Annotated photo localization data:
+===+

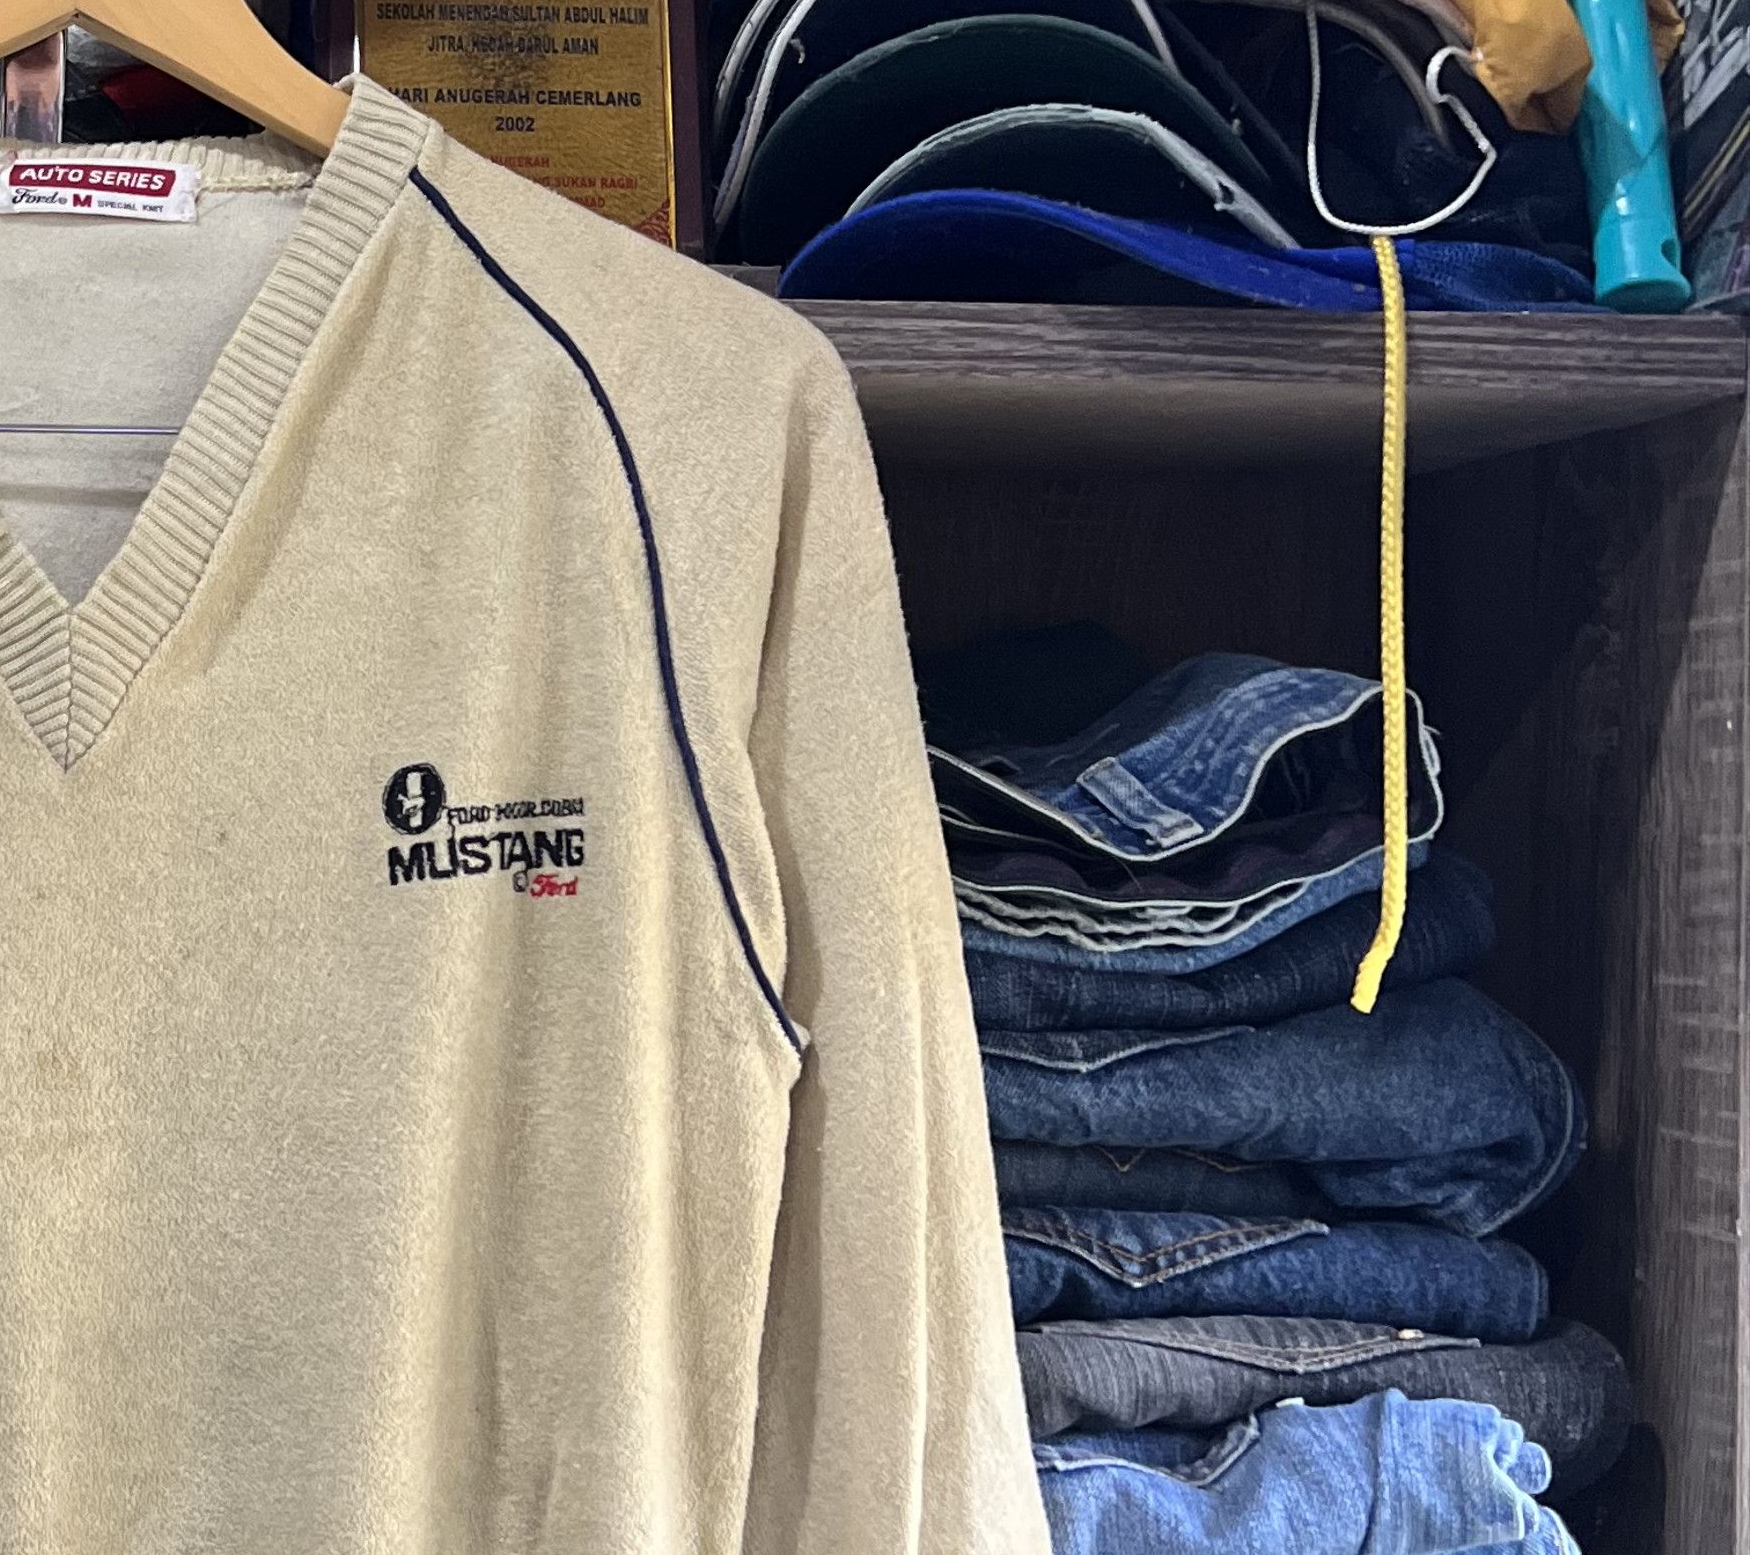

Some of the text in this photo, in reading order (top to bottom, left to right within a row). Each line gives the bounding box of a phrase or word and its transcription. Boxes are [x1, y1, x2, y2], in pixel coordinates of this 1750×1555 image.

[377, 3, 435, 20] SEKOLAH
[513, 5, 561, 23] SULTAN
[564, 6, 606, 24] ABDUL
[610, 7, 649, 25] HALIM
[518, 36, 559, 55] DARUL
[562, 37, 599, 55] AMAN
[434, 87, 530, 105] ANUGERAH
[535, 90, 642, 107] CEMERLANG
[495, 116, 536, 132] 2002
[19, 165, 167, 191] AUTO SERIES
[553, 176, 597, 188] SUKAN
[72, 194, 92, 208] M
[387, 828, 585, 886] MUSTANG
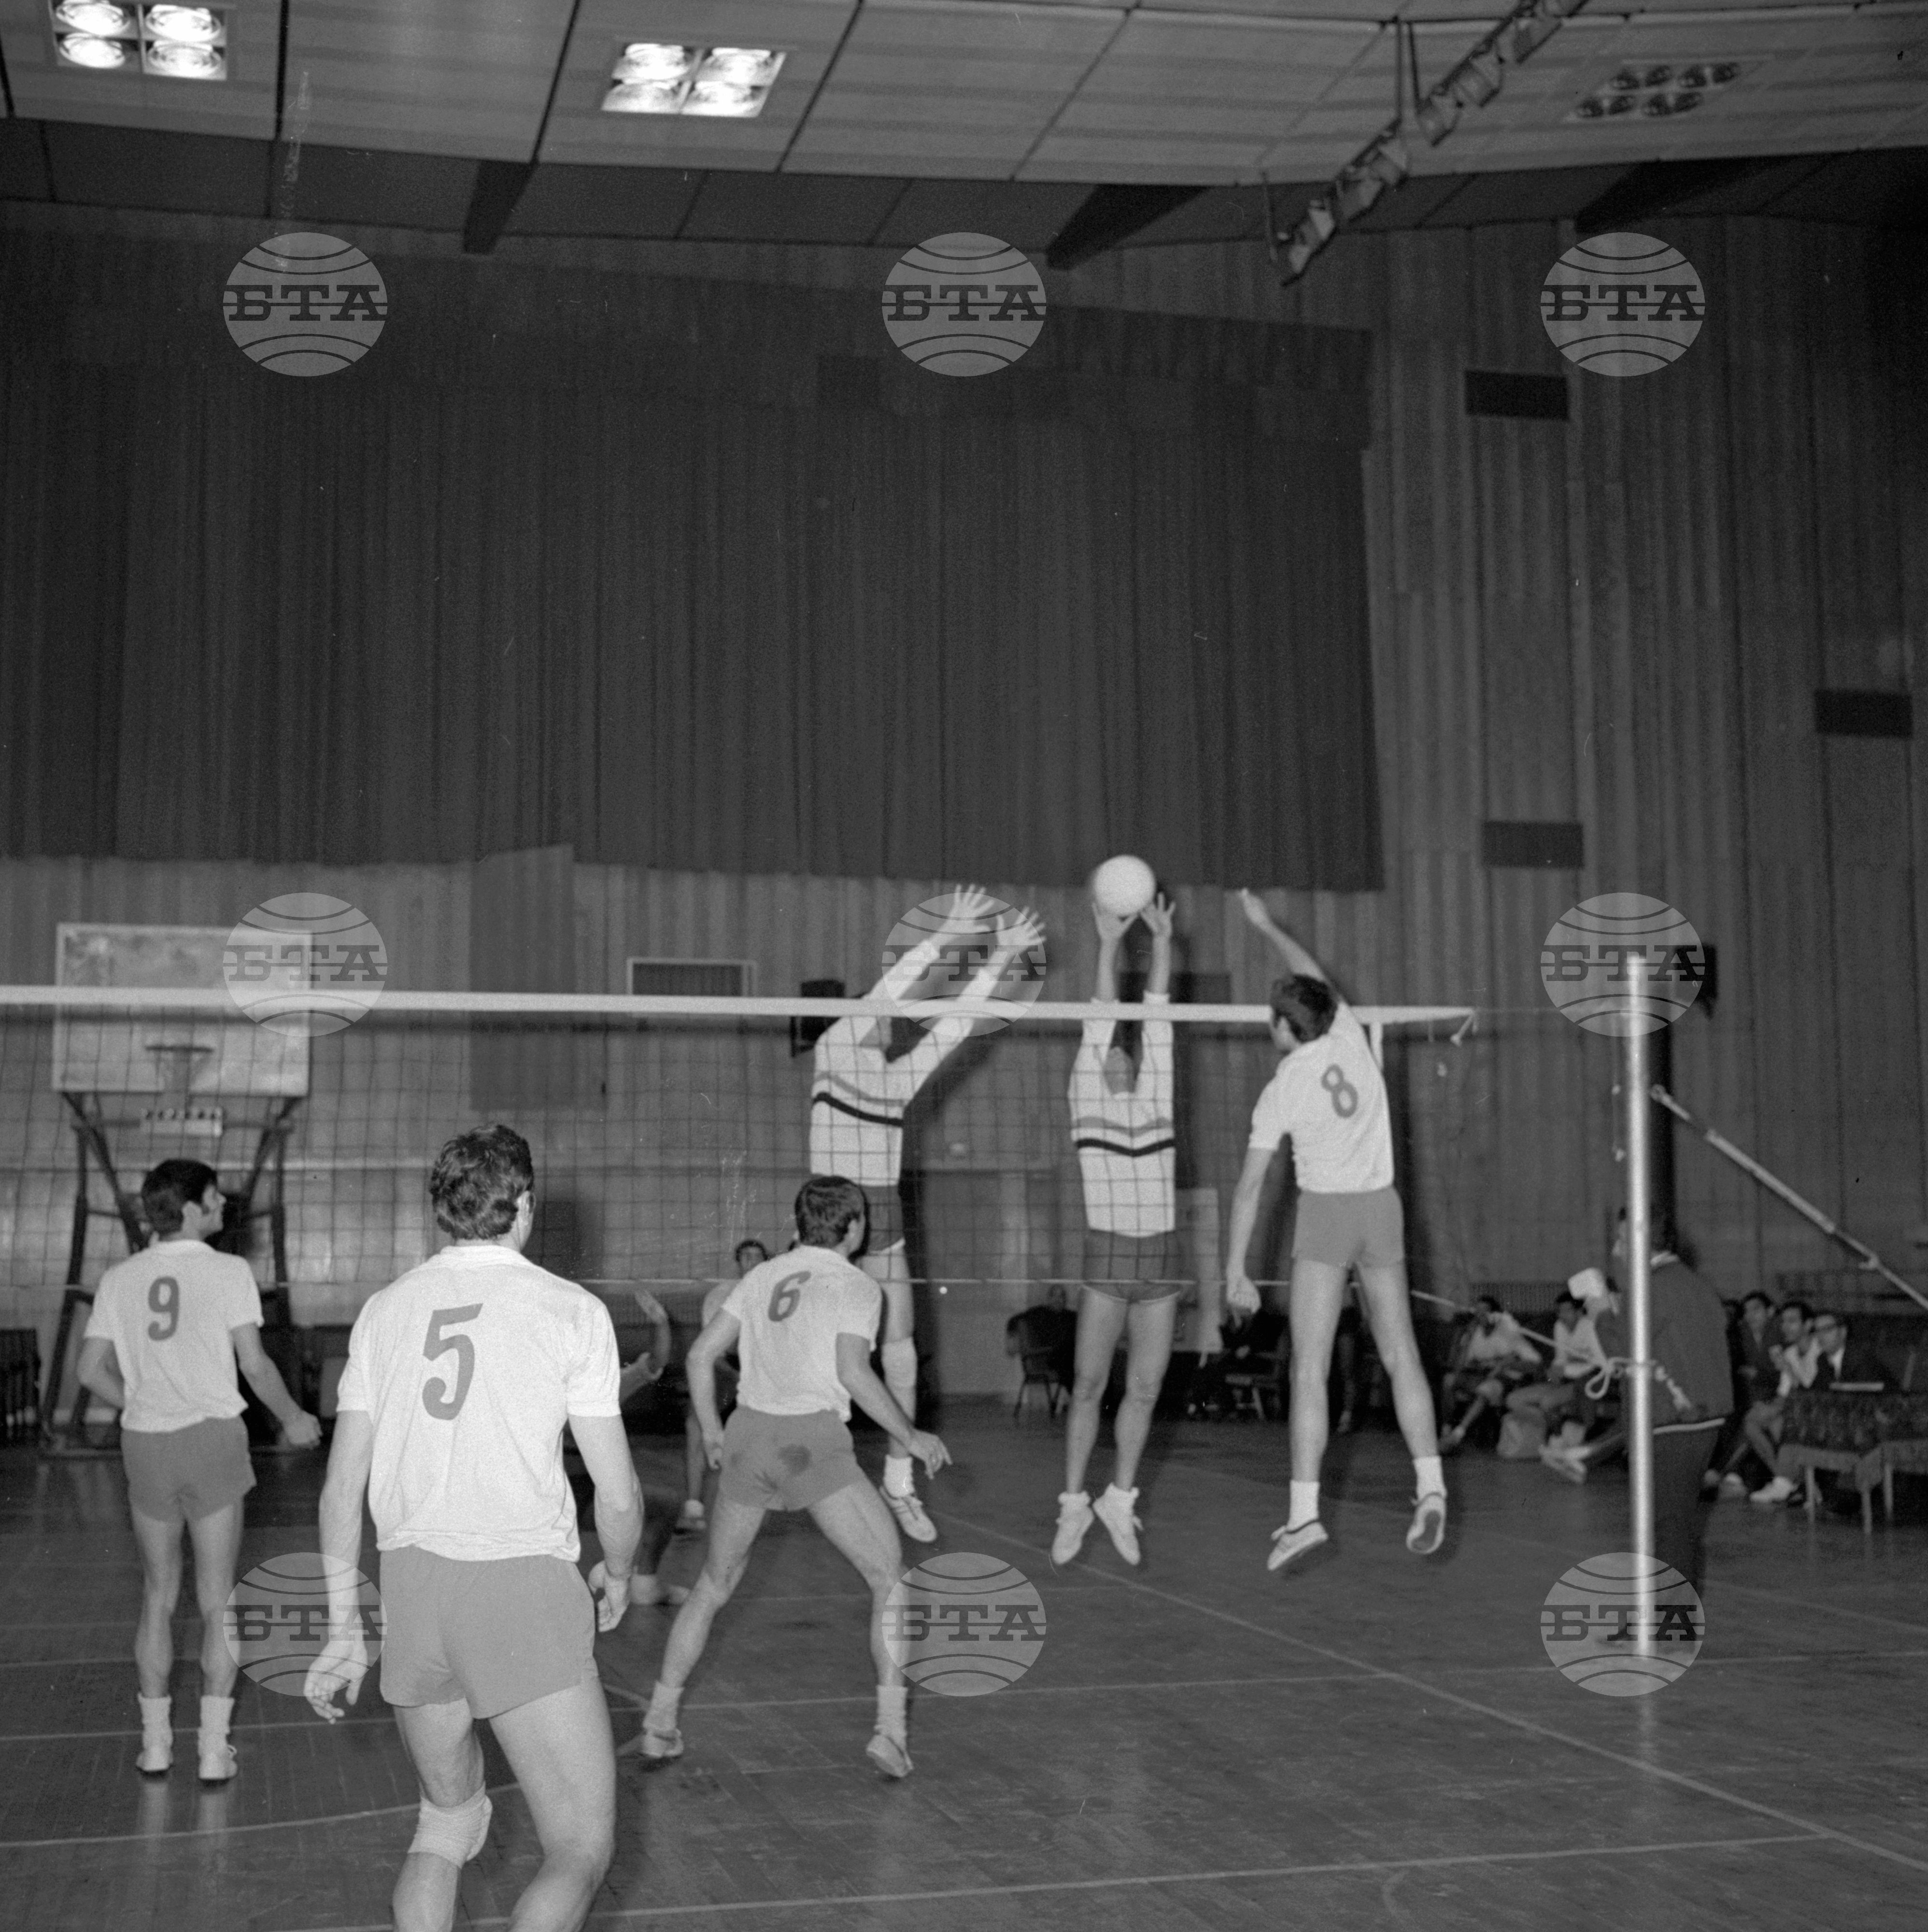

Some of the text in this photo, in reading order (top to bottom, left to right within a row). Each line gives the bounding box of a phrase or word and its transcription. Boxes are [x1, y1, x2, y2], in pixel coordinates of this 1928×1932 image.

+===+

▸ BRIEF: The answer should be the records above, unchanged, with the pictures omitted.

▸ EXERCISE RESPONSE:
Some of the text in this photo, in reading order (top to bottom, left to right within a row). Each line gives the bounding box of a phrase or word and its transcription. Boxes are [x1, y1, x2, y2], in pixel coordinates of this 1750×1555 image.

[377, 3, 435, 20] SEKOLAH
[513, 5, 561, 23] SULTAN
[564, 6, 606, 24] ABDUL
[610, 7, 649, 25] HALIM
[518, 36, 559, 55] DARUL
[562, 37, 599, 55] AMAN
[434, 87, 530, 105] ANUGERAH
[535, 90, 642, 107] CEMERLANG
[495, 116, 536, 132] 2002
[19, 165, 167, 191] AUTO SERIES
[553, 176, 597, 188] SUKAN
[72, 194, 92, 208] M
[387, 828, 585, 886] MUSTANG

Some of the text in this photo, in reading order (top to bottom, left to right within a row). Each line gives the bounding box of a phrase or word and its transcription. Boxes are [x1, y1, x2, y2], in pixel coordinates of this 1928×1932 image.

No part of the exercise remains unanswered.